- **Exercise input**

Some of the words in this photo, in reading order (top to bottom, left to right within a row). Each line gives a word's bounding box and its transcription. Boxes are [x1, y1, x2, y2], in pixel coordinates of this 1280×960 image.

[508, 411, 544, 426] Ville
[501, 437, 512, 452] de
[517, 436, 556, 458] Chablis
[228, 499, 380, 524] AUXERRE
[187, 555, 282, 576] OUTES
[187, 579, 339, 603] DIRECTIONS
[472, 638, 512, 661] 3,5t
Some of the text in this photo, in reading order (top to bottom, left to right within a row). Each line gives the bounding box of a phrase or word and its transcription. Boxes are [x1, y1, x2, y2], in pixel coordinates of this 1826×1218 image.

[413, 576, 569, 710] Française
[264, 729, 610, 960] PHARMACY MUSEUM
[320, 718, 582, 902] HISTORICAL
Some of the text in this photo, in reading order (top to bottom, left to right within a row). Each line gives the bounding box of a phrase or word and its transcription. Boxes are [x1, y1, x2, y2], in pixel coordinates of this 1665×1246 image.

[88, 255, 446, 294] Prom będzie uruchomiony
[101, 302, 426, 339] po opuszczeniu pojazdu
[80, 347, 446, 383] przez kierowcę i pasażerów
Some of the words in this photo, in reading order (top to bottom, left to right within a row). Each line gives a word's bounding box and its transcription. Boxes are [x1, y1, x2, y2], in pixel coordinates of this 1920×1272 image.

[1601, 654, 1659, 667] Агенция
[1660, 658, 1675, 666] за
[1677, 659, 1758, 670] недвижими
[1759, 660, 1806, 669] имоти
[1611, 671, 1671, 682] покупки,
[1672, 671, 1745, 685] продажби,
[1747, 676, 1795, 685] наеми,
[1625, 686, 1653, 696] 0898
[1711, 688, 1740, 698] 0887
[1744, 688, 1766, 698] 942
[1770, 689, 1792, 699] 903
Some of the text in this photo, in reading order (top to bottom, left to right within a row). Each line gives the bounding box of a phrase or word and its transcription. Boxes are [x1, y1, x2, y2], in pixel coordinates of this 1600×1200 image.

- **Task instructions**
Retype every record without alteration.

- **Finished task**
Some of the words in this photo, in reading order (top to bottom, left to right within a row). Each line gives a word's bounding box and its transcription. Boxes are [x1, y1, x2, y2], in pixel coordinates of this 1280×960 image.

[508, 411, 544, 426] Ville
[501, 437, 512, 452] de
[517, 436, 556, 458] Chablis
[228, 499, 380, 524] AUXERRE
[187, 555, 282, 576] OUTES
[187, 579, 339, 603] DIRECTIONS
[472, 638, 512, 661] 3,5t
Some of the text in this photo, in reading order (top to bottom, left to right within a row). Each line gives the bounding box of a phrase or word and its transcription. Boxes are [x1, y1, x2, y2], in pixel coordinates of this 1826×1218 image.

[413, 576, 569, 710] Française
[264, 729, 610, 960] PHARMACY MUSEUM
[320, 718, 582, 902] HISTORICAL
Some of the text in this photo, in reading order (top to bottom, left to right within a row). Each line gives the bounding box of a phrase or word and its transcription. Boxes are [x1, y1, x2, y2], in pixel coordinates of this 1665×1246 image.

[88, 255, 446, 294] Prom będzie uruchomiony
[101, 302, 426, 339] po opuszczeniu pojazdu
[80, 347, 446, 383] przez kierowcę i pasażerów
Some of the words in this photo, in reading order (top to bottom, left to right within a row). Each line gives a word's bounding box and its transcription. Boxes are [x1, y1, x2, y2], in pixel coordinates of this 1920×1272 image.

[1601, 654, 1659, 667] Агенция
[1660, 658, 1675, 666] за
[1677, 659, 1758, 670] недвижими
[1759, 660, 1806, 669] имоти
[1611, 671, 1671, 682] покупки,
[1672, 671, 1745, 685] продажби,
[1747, 676, 1795, 685] наеми,
[1625, 686, 1653, 696] 0898
[1711, 688, 1740, 698] 0887
[1744, 688, 1766, 698] 942
[1770, 689, 1792, 699] 903
Some of the text in this photo, in reading order (top to bottom, left to right within a row). Each line gives the bounding box of a phrase or word and its transcription. Boxes are [x1, y1, x2, y2], in pixel coordinates of this 1600×1200 image.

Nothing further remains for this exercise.